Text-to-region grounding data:
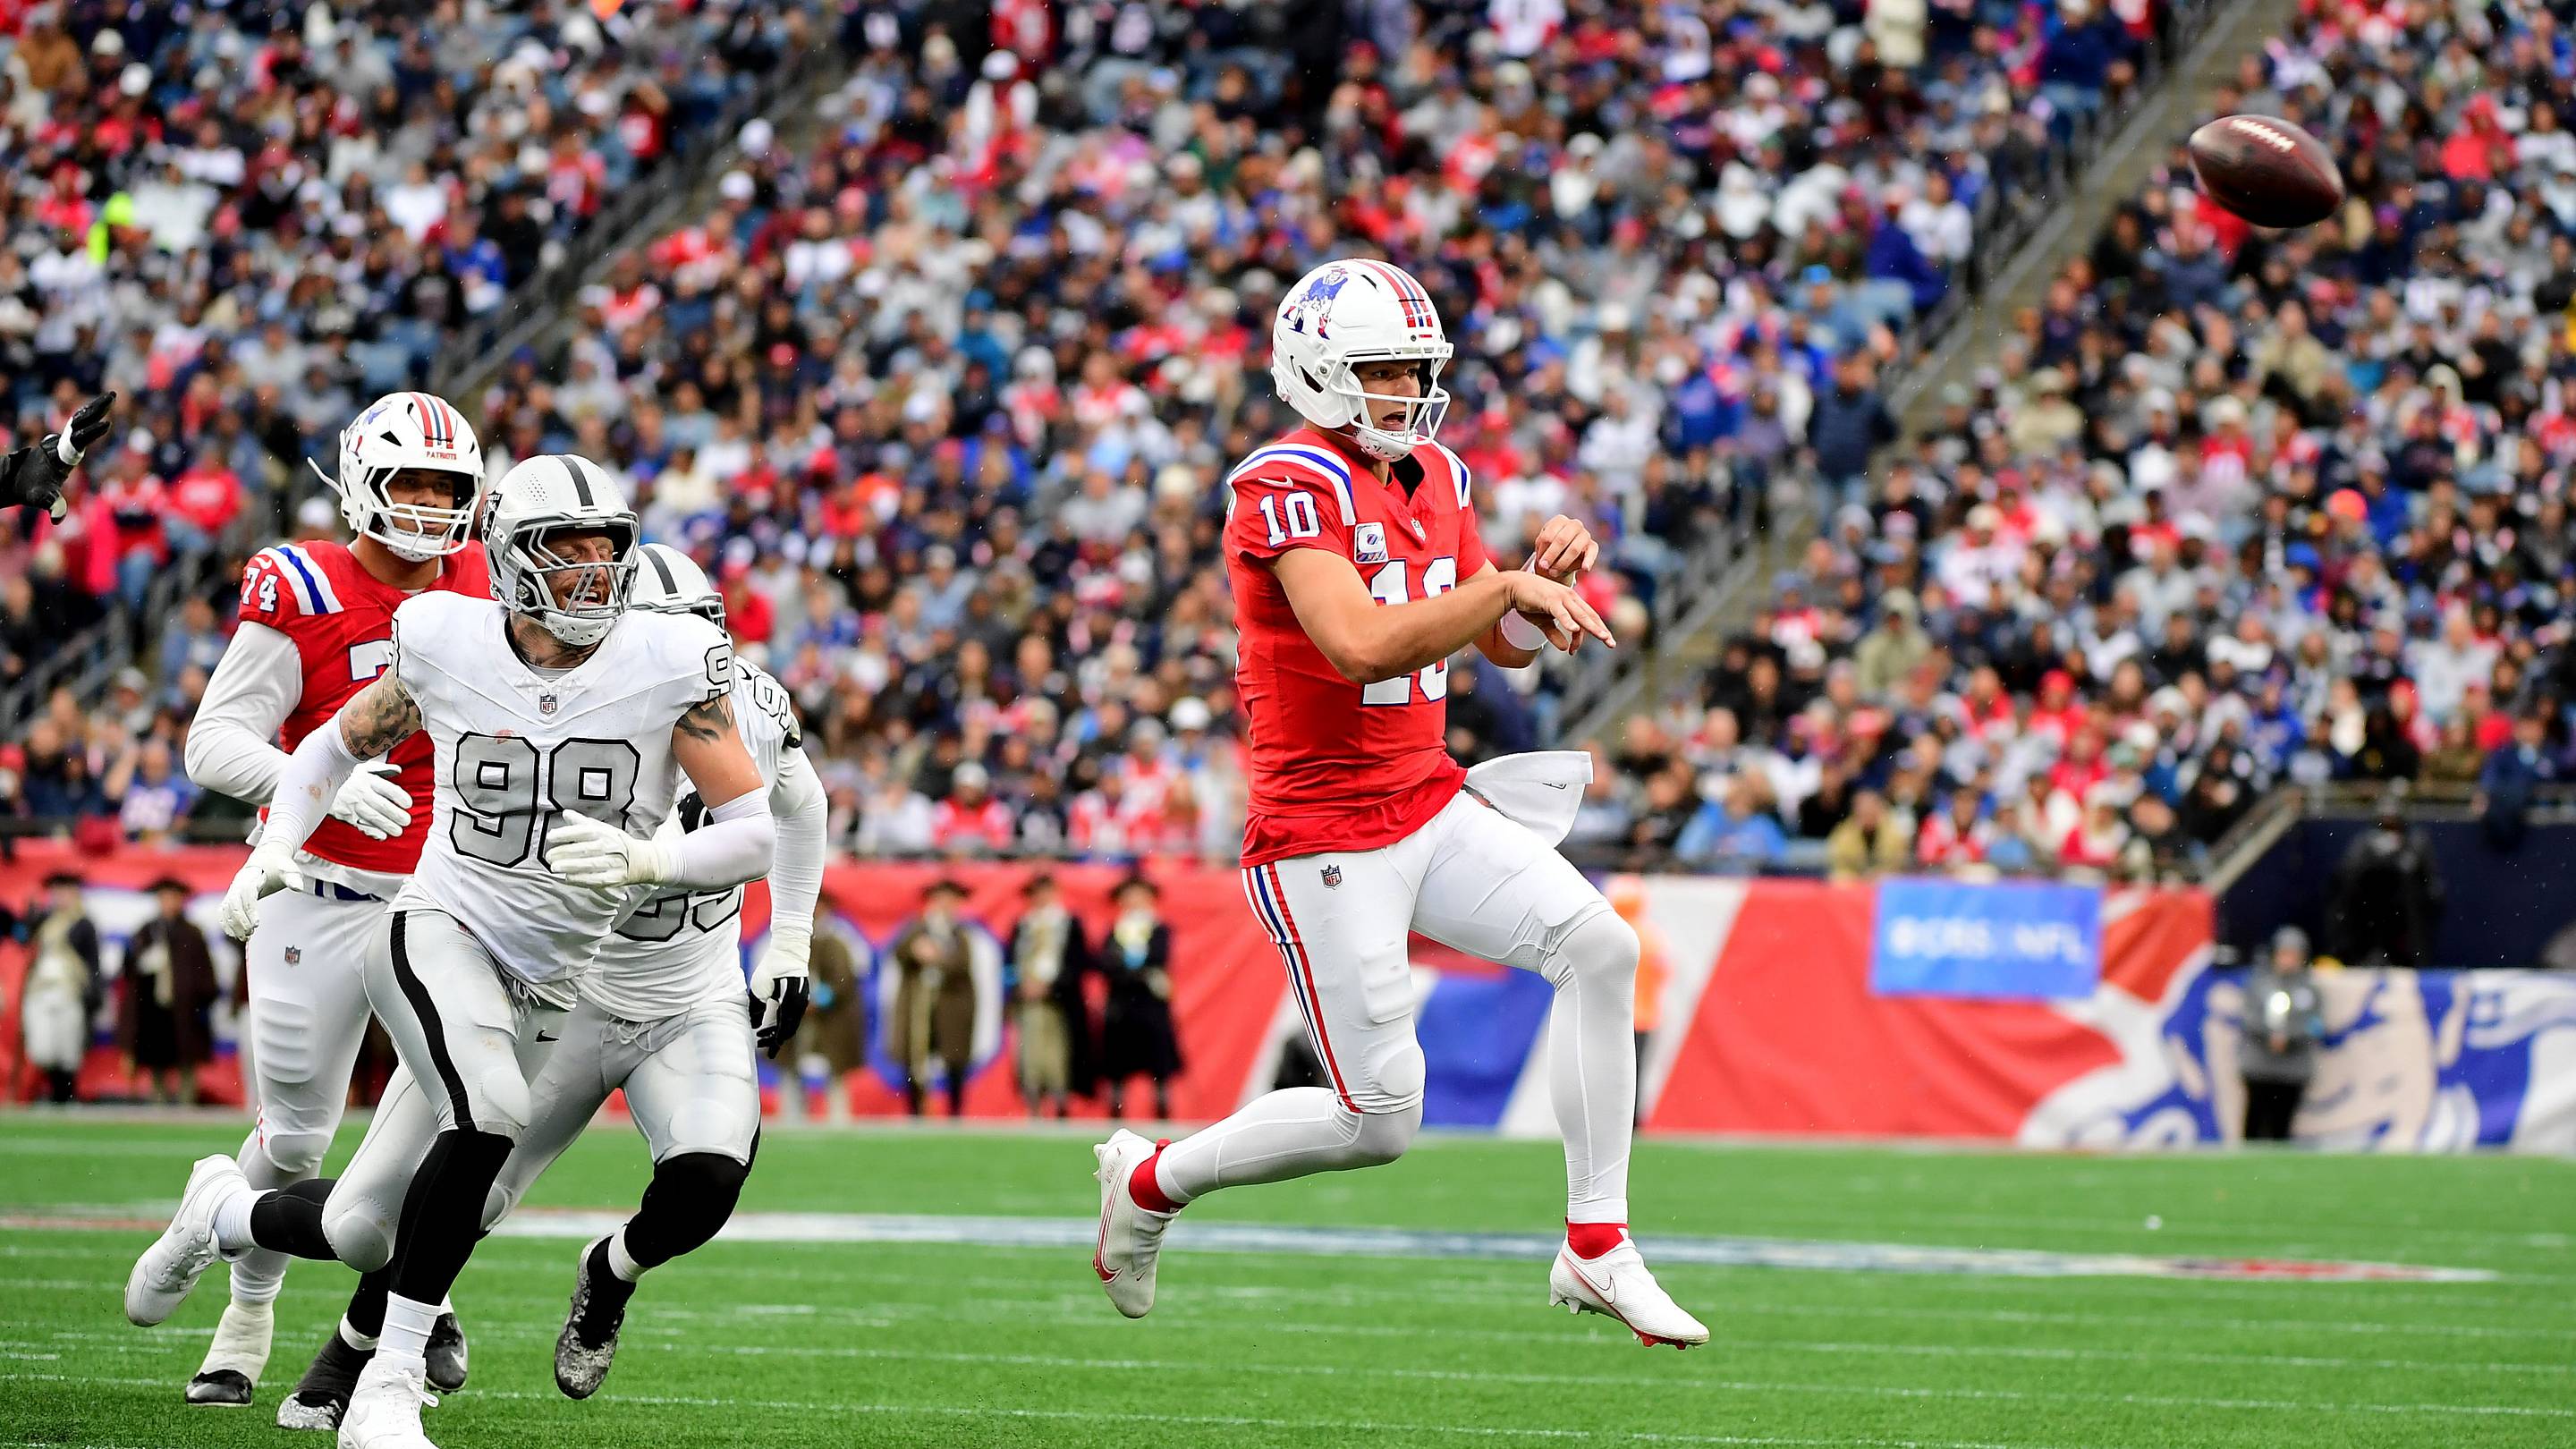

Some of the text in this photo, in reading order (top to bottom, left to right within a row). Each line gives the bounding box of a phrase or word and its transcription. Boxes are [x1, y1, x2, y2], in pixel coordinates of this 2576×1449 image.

[426, 450, 457, 461] PATRIOTS
[1259, 490, 1321, 547] 10
[242, 566, 279, 613] 74
[542, 702, 555, 712] NFL
[449, 730, 641, 874] 98
[1326, 875, 1340, 885] NFL

**Activity**
Please output the data above exactly as given, omitting every picture.

**Written response**
Some of the text in this photo, in reading order (top to bottom, left to right within a row). Each line gives the bounding box of a phrase or word and its transcription. Boxes are [x1, y1, x2, y2], in pixel coordinates of this 2576×1449 image.

[426, 450, 457, 461] PATRIOTS
[1259, 490, 1321, 547] 10
[242, 566, 279, 613] 74
[542, 702, 555, 712] NFL
[449, 730, 641, 874] 98
[1326, 875, 1340, 885] NFL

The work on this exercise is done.